CART: Context-Anchored Recurrent Transformer -- A Parameter-Efficient Architecture with Learned Stability
Pith reviewed 2026-06-28 17:00 UTC · model grok-4.3
The pith
CART stabilizes recurrent transformers by anchoring a shared core to frozen prelude KV tensors and controlling updates with a learned LTI gate whose spectral radius stays in [0.79, 0.83].
A machine-rendered reading of the paper's core claim, the machinery that carries it, and where it could break.
Core claim
CART computes K and V once from a multi-layer prelude and lets the recurrent core cross-attend to those frozen tensors via multi-head latent attention while a learned LTI gate keeps the recurrence stable; its spectral radius settles in the narrow band [0.79, 0.83] across all 36 fully trained configurations, yet at d=1024 the model loses 1-2% at stored-parameter parity and about 10% at effective-parameter parity to a dense baseline.
What carries the argument
Multi-head latent attention that cross-attends the recurrent core to frozen prelude KV tensors, combined with the learned LTI gate that bounds the recurrence.
If this is right
- Prelude depth dominates loop count in determining final performance across all tested widths.
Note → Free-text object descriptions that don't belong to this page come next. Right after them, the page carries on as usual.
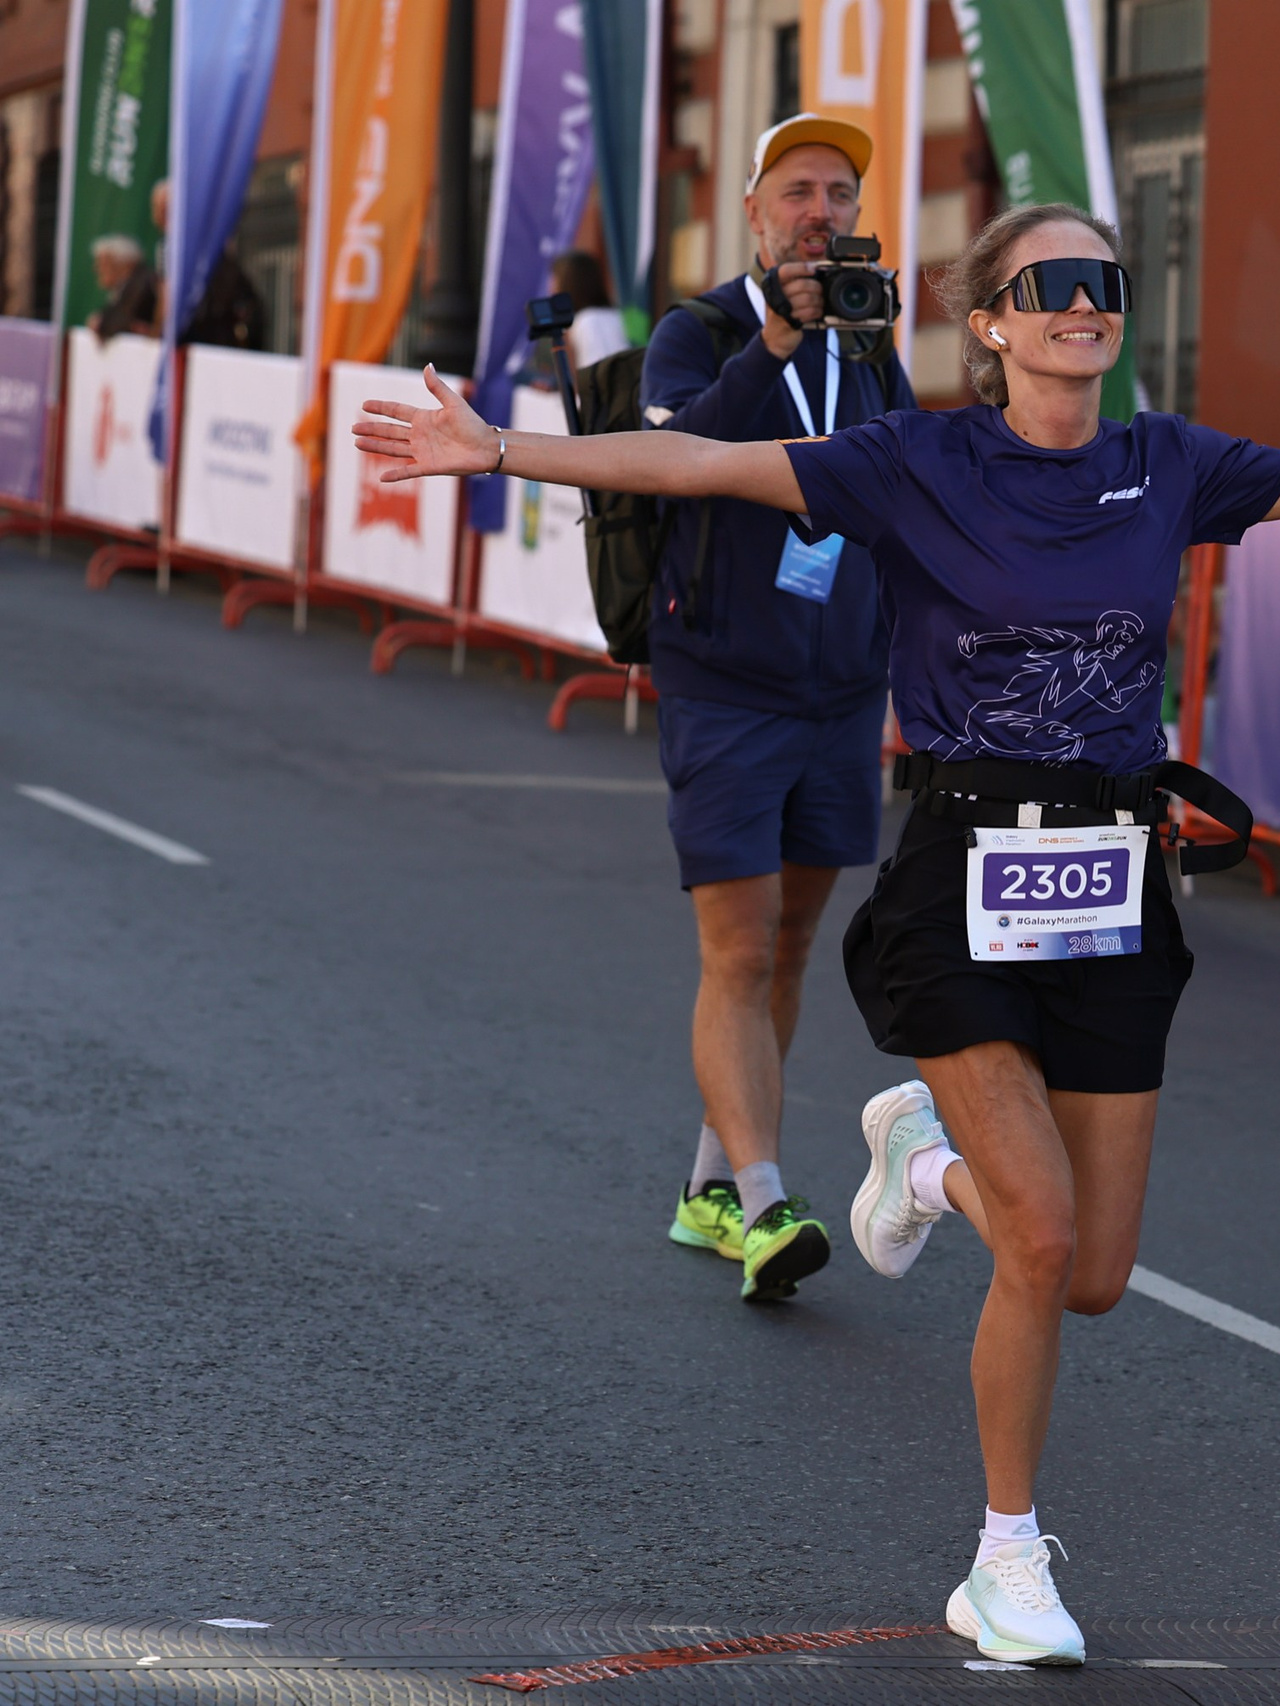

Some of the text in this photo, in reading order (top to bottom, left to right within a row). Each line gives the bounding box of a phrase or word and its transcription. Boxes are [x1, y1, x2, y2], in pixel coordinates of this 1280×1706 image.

[1000, 860, 1112, 900] 2305
[1017, 915, 1098, 926] #GalaxyMarathon
[1068, 934, 1121, 954] 28km
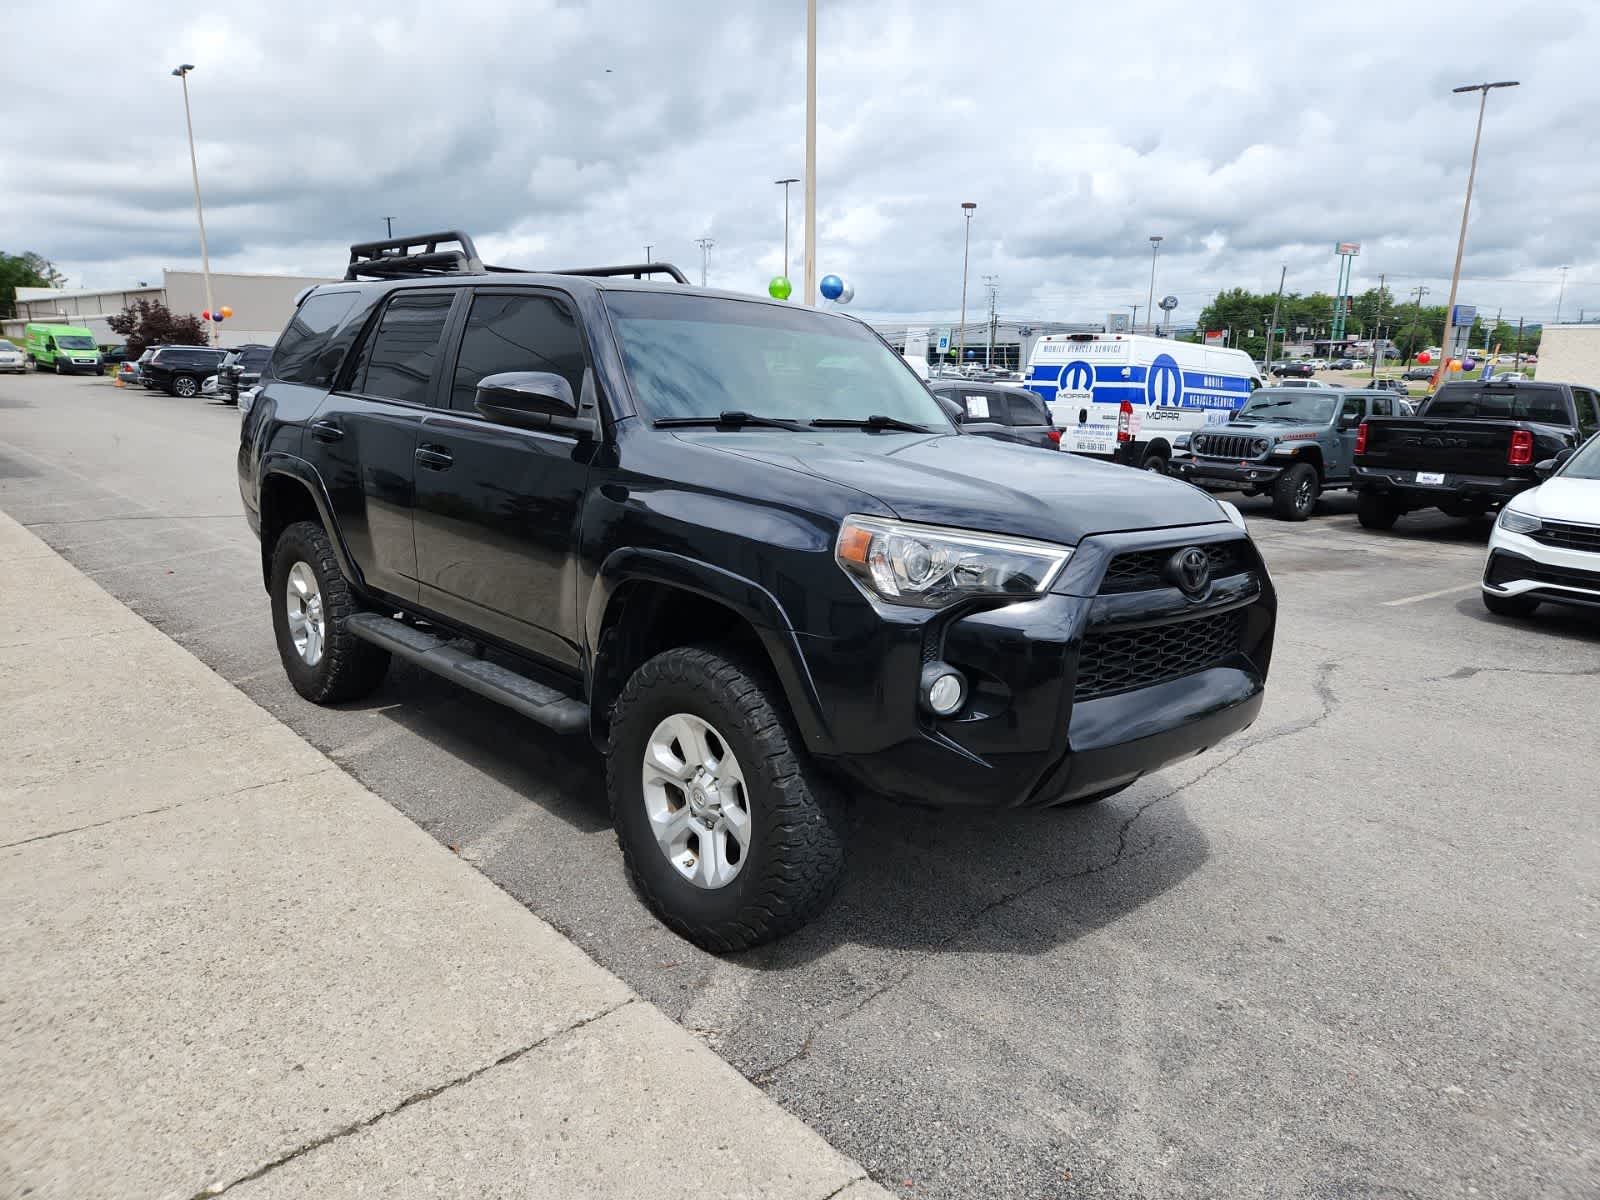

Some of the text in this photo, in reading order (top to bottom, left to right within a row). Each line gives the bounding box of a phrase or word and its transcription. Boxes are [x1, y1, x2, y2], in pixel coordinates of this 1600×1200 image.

[1043, 343, 1121, 353] MOBILE VEHICLE SERVICE
[1203, 376, 1224, 388] MOBILE
[1189, 394, 1236, 408] VEHICLE SERVICE
[1146, 411, 1180, 422] MOPAR
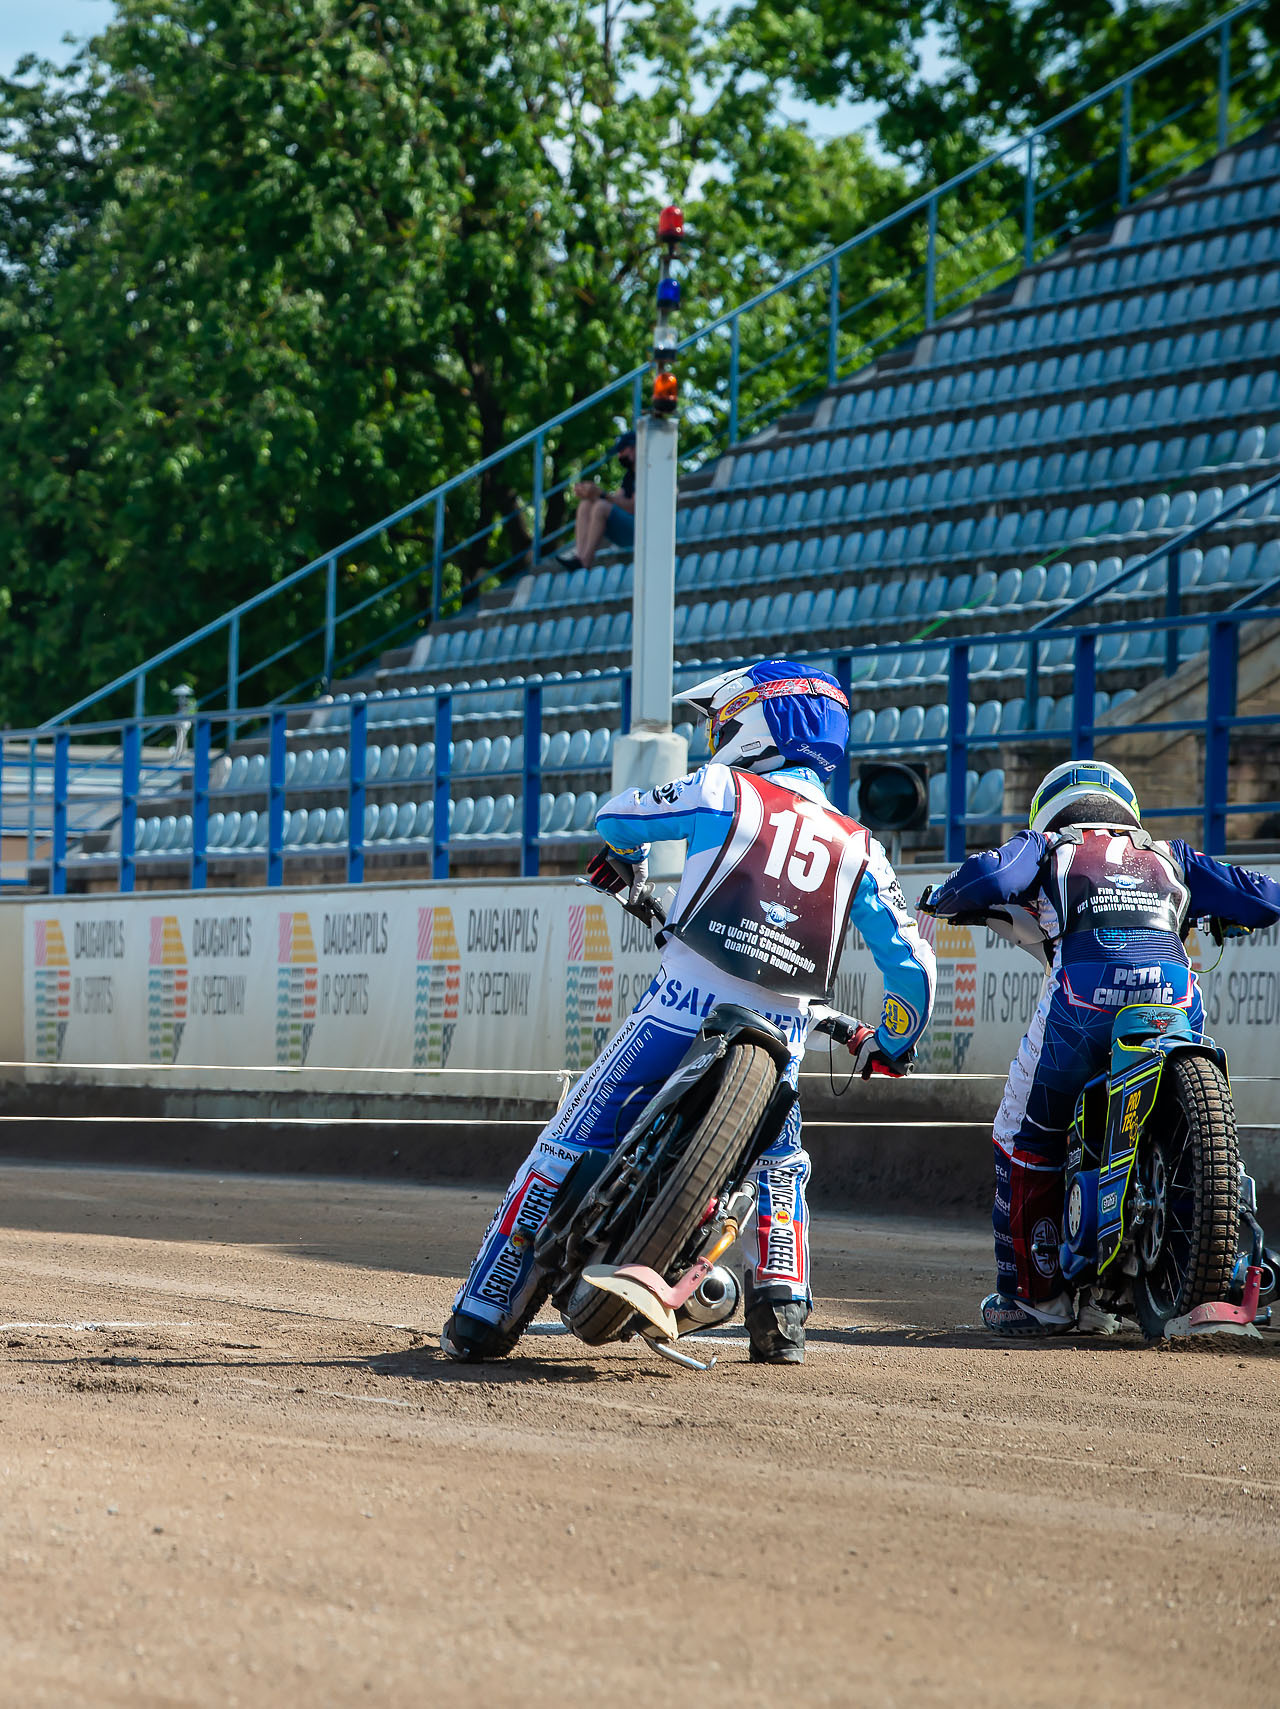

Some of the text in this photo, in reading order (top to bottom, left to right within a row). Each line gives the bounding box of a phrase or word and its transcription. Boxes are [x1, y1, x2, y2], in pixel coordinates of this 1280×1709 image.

[763, 809, 833, 893] 15
[1076, 899, 1089, 914] U21
[1090, 895, 1120, 906] World
[1092, 902, 1136, 914] Qualifying
[1097, 887, 1114, 896] FIM
[193, 916, 253, 957] DAUGAVPILS
[322, 911, 388, 955] DAUGAVPILS
[466, 908, 539, 953] DAUGAVPILS
[708, 920, 816, 974] U21 World Championship
[740, 917, 801, 951] FIM Speedway
[724, 938, 798, 977] Qualifying Round 1
[1113, 966, 1162, 986] PETR
[332, 972, 370, 1016] SPORTS
[476, 971, 532, 1016] SPEEDWAY
[981, 972, 997, 1022] IR
[1092, 982, 1174, 1006] CHLUPÁČ
[1227, 971, 1280, 1025] SPEED
[575, 1103, 602, 1141] SUOMEN
[595, 1037, 645, 1107] MOOTTORILIITTO
[1126, 1089, 1142, 1114] PRO
[768, 1167, 799, 1209] SERVICE
[481, 1246, 523, 1304] SERVICE
[516, 1183, 557, 1231] COFFEE
[767, 1226, 794, 1273] COFFEE
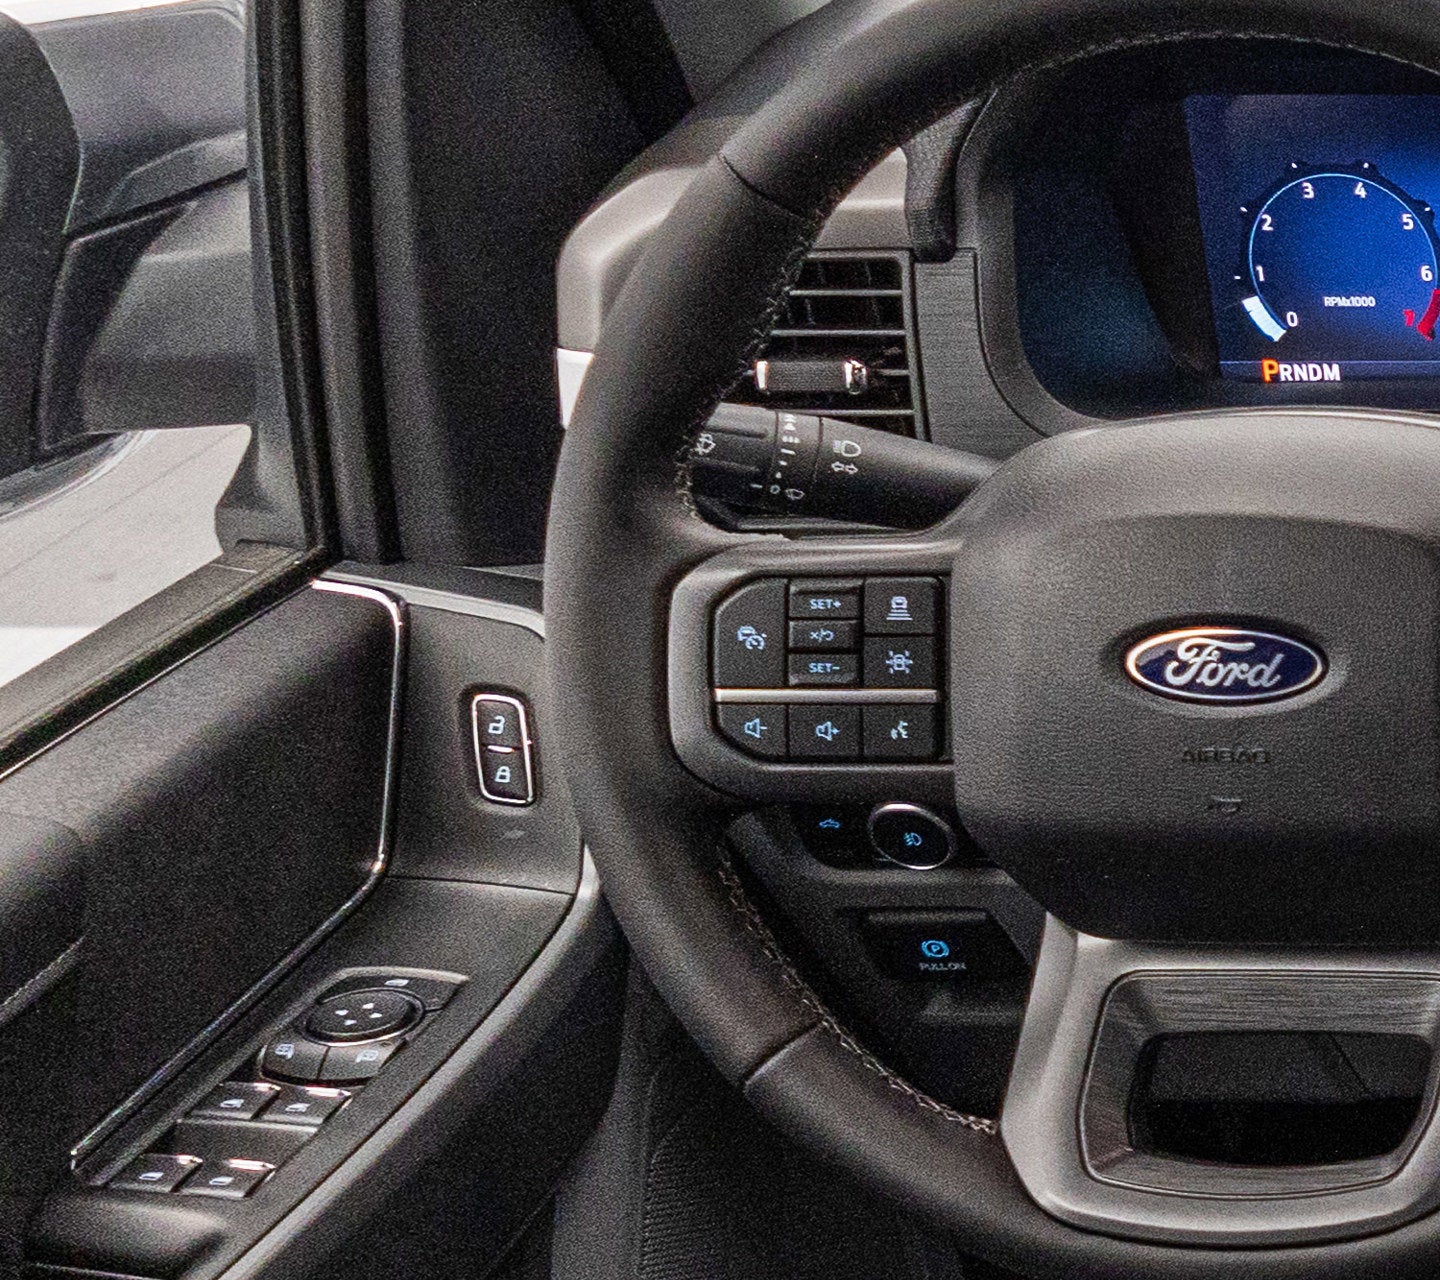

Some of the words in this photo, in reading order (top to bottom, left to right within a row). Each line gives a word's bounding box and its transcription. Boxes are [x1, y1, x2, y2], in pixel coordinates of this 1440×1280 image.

- After full training the ranking of loop counts reverses, with R=6 becoming best for d greater than or equal to 512.
- The performance gap splits into roughly 5% from weight sharing and 5% from the heterogeneous prelude-anchor-core-coda structure.
- The hyper-connections, LTI gate, and loop-index embedding are each individually vestigial.
- Variable-R inference at test time degrades performance on both sides of the trained loop count.
Where Pith is reading between the lines
- If the recurrent machinery adds little beyond weight sharing, simpler shared-weight schemes without the full CART framing could narrow the remaining gap.
- The consistent narrow stability band suggests learned LTI gates may transfer to stabilize other recurrent or state-space architectures.
- Prelude dominance implies that future designs should allocate more capacity to initial context encoding rather than repeated core passes.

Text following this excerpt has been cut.